A questão é mais profunda: não conseguimos criar no Brasil uma cultura política. A tradição patrimonialista, o mandonismo, o nepotismo, tudo isso esgarça o tecido de nossas instituições democráticas. A maioria se elege ou ocupa cargos públicos de olho nos proveitos pessoais e corporativos. Poucos têm princípios éticos e objetivos claros de serviço ao bem comum. Basta aparecer a primeira boquinha de uma viagem ao exterior e lá se vai, alvoroçado, um bando de deputados e juízes felizes com a mordomia.

A estrutura do Estado é vista como uma grande vaca, na qual cada um busca a teta mais farta para a sua boca. O discurso da urgente contenção de gastos é como o sermão do padre que, ao celebrar missa para os alcoólicos anônimos, enchia seu cálice de vinho.

“Façam o que digo e não o que faço”. São sempre os outros que devem apertar o cinto em nome da salvação nacional. Nunca os políticos, os magistrados e os militares. “Nada é o bastante para quem considera pouco o suficiente”, já alertava Epicuro, no século IV a.C. Na apertada balsa que pretende conduzir a nação a um futuro melhor, atirem-se ao mar os sem mandato, os sem toga e os sem farda. Alguém deve pagar a conta. E ela sobra, invariavelmente, para os mais pobres. Vide os projetos de reforma tributária. Mantêm intocáveis a acumulação de grandes fortunas, o repasse de heranças, a importação de artigos de luxo.

Por que, no Brasil, soa como ofensa falar em imposto progressivo? Nessa descultura da boca pra fora, sobejam elogios à Noruega, Dinamarca e Suécia, onde vigora uma cultura política de fortes raízes. Mas aqui ninguém está disposto a ceder um grão de mordomia. O trio (mandato, toga e farda) do privilégio (termo que deriva de ‘lei privada’, que vale para uns e não para todos) não abre mão do auxílio-moradia, de penduricalhos adicionais aos salários, do plano de saúde especial, de carros e viagens aéreas pagas pelo contribuinte, férias prolongadas, seguranças etc.

Essa gente nunca leu (ou não entendeu) Platão e Aristóteles, Montesquieu e Rousseau, Habermas e Bobbio, e aprecia Gandhi e Mandela apenas como retratos na parede.

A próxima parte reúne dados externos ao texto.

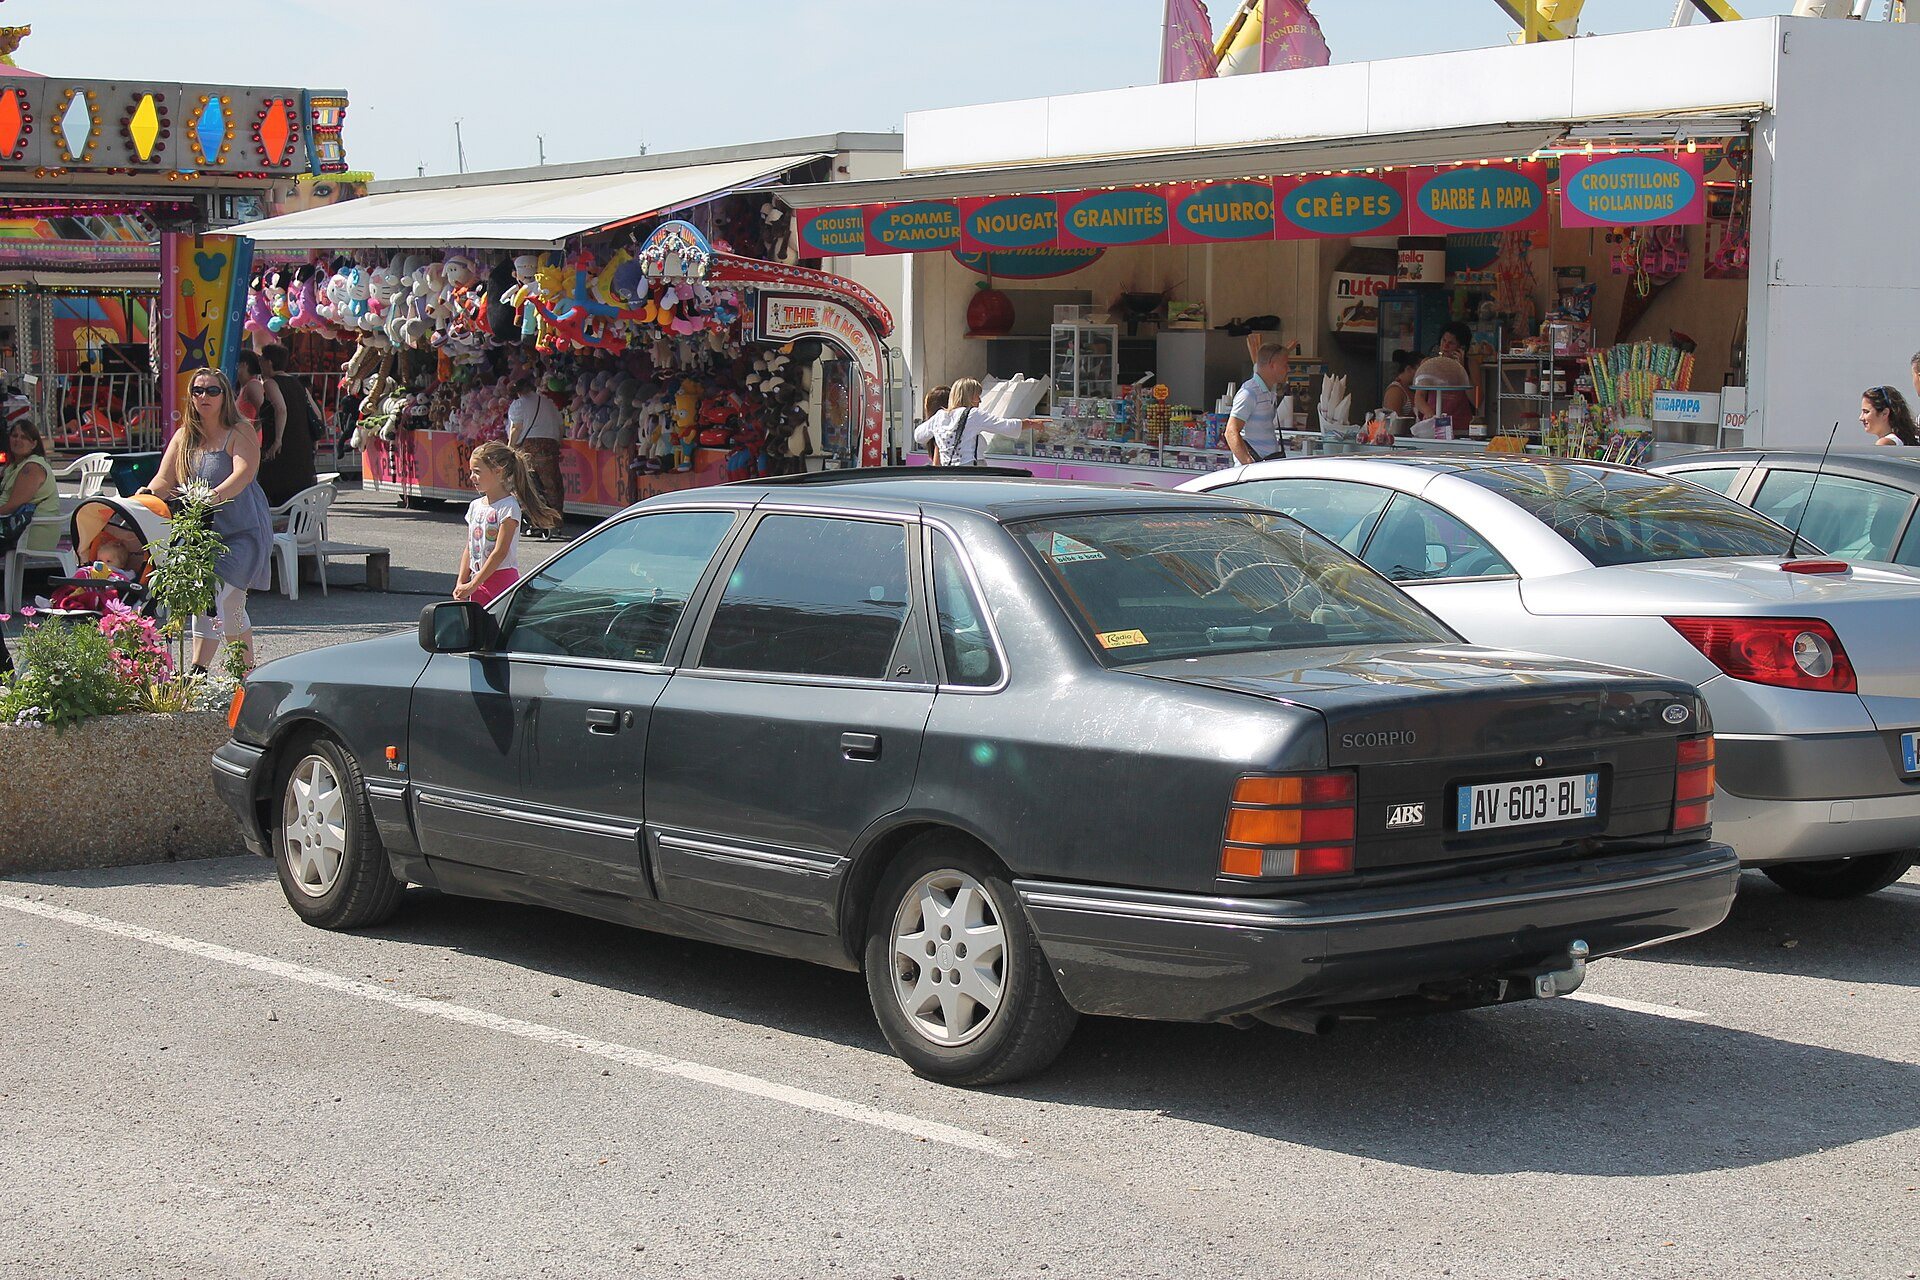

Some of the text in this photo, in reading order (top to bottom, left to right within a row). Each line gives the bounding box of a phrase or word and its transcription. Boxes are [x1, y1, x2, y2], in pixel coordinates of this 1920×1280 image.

[1264, 24, 1307, 46] WONDER
[1581, 171, 1680, 190] CROUSTILLONS
[1295, 190, 1392, 218] CRÊPES
[1430, 186, 1532, 211] BARBE A PAPA
[1588, 193, 1674, 212] HOLLANDAIS
[890, 211, 952, 226] POMME
[1072, 200, 1164, 229] GRANITÉS
[882, 226, 961, 242] D'AMOUR
[782, 305, 865, 347] THE KING
[1105, 633, 1132, 644] Radio
[1668, 706, 1688, 721] Ford
[1341, 730, 1417, 749] SCORPIO
[1387, 803, 1424, 826] ABS
[1461, 812, 1467, 824] F
[1584, 796, 1597, 814] 62

E cadê a oposição? Qual a sua proposta alternativa à reforma tributária? Até existe, mas quase ninguém conhece. E à retomada do crescimento, combate ao desemprego e melhoria da saúde e da educação? Cadê o trabalho de base, os vínculos orgânicos com as classes populares, a alfabetização política?

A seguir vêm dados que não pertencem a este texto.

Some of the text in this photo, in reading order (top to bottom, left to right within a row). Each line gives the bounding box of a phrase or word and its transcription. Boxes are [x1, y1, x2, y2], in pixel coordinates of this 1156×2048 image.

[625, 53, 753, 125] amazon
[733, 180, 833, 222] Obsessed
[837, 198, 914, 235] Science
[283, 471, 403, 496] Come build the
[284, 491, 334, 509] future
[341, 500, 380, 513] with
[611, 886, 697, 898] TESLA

Apesar de tudo, não nos resta outra via fora da política. Pode-se odiá-la, repudiá-la ou ficar indiferente. Mas é o que determina a nossa qualidade de vida, como trabalho, moradia, alimentação e saúde. Quem não gosta de política é governado por quem gosta. E tudo que os maus políticos desejam é que fiquemos alheios à política. Assim, damos carta de alforria aos corruptos, nepotistas e similares.

Nossa incultura política é tão rasteira que em vez de o Estado cumprir a sua função constitucional de dar segurança à nação, sobretudo nesse período de pandemia, se empenha em liberar a compra e a posse de armas. E há quem esteja de acordo com o “cada um que se defenda!” E seja o que Deus não quer...

Ainda bem que temos eleição presidencial no próximo ano. É hora de virar o jogo.